New Club: Gold Coast
2016 SuperCoach Average: 98 (13 games)
2015 SuperCoach Average: 93.6 (22 games)
As a whole, falling out of favour with coach Ross Lyon coupled with an average year left Michael Barlow without a home at season’s end.
Moreover, as his form began to peak late in the year, he suffered a season-ending injury. Barlow said he knew he had played his last game for Fremantle after this shattering blow, and then came the wait to see if he would be picked up as a delisted free agent.
Keen to play footy at any AFL club in 2017, the 28-year-old was picked up by the Gold Coast Suns, keeping his career alight.
Despite his sub-par season, Barlow did have a scintillating purple patch as a tagger towards the end of the year before a shoulder injury in Round 17 sidelined him for the remainder of 2016 – frustrating himself and the SuperCoachers that had stuck by him.
Unfortunately, I was one of the coaches who rode the bumps of his three 60s to begin the year, followed by his eventual omission from the underperforming Dockers lineup – leaving Barlow playing for Peel Thunder in the WAFL.
After his re-invention as a tagger weeks later which yielded four straight tons, I was the one saying “I told you so!”
His match-winning performance against Port Adelaide was the highlight of this fruitful period, gathering 43 disposals and laying eight tackles on his way to a monster 168 SuperCoach points.
He was on fire again in Round 17 against Geelong with 70 points at half time until disaster struck. A bump left Barlow running from the ground holding his shoulder in agony, and that was the last time we saw him on the field in 2016.
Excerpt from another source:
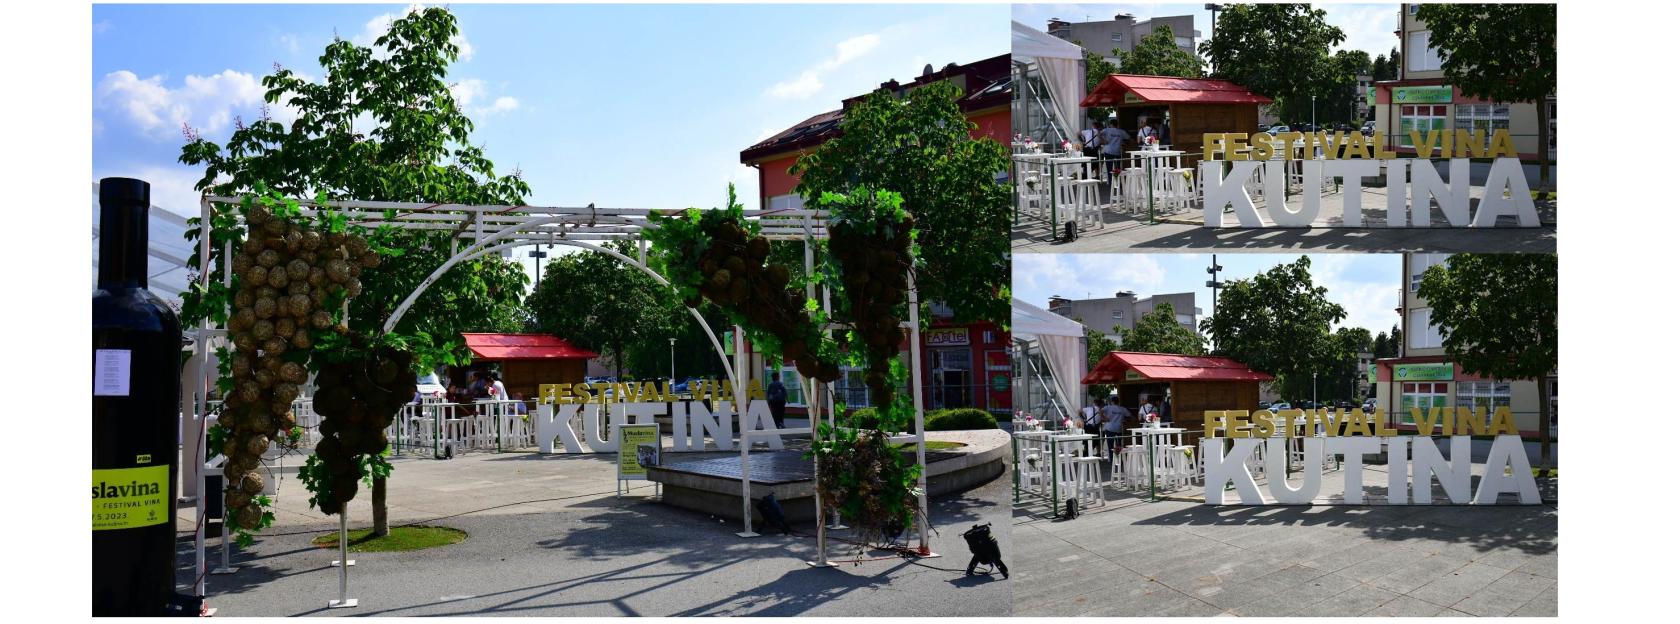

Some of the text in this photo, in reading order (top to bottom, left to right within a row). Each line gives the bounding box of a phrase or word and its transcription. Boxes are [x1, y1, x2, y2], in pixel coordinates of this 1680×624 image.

I knew I had spoken too soon.
Anyway, enough about my SuperCoach woes. If anything, this form displays Michael Barlow’s true potential as a fantasy player, and spits in the face of anyone saying the game is past him.
At the Gold Coast, Barlow will be one of the most senior midfielders, especially without Dion Prestia or Jaegar O’Meara in the guts. Most importantly, Barlow will be played in his true position in the midfield, instead of being played forward as Ross Lyon has done at times over the past two seasons. Stints up forward hindered Barlow’s fantasy output over this time, reducing him from the highs of a 110+ average in 2014 to a sub-100 point averages over the last 24 months.
The big variable for Barlow is whether his position will remain mid/fwd in SuperCoach, because his dual position status will improve his value immensely.
Ideally, you don’t want the ex-Docker as a starting midfield premium, purely because there are so many better options on the table. It is hard to fit the crème de la crème into the midfield as it is without throwing Barlow in there as well.
What we must consider is his stellar 2014 season playing entirely as a midfielder, amassing 12 tons in this season and just three sub-90 point scores. In saying this, Barlow is turning 29 in a month which suggests he may be past his best fantasy form.
If he is gifted dual position status next season as he was in 2016, he is worth a look. He stood out in the NAB Challenge at the beginning of this year but was ultimately a tease. Sadly, this will be the only real indicator of how he will fare at the Suns in 2017.
Barlow has the potential to be a top 5-10 fantasy forward at his very best, which he illustrated at the latter stages of 2016 until his injury.
His keenness and intent to give 2017 his all is somewhat of a positive though, and could inspire a career revitalisation for the ball-magnet.
Watch his pre-season, and go from there. Barlow’s best indicates he is one to take a look at.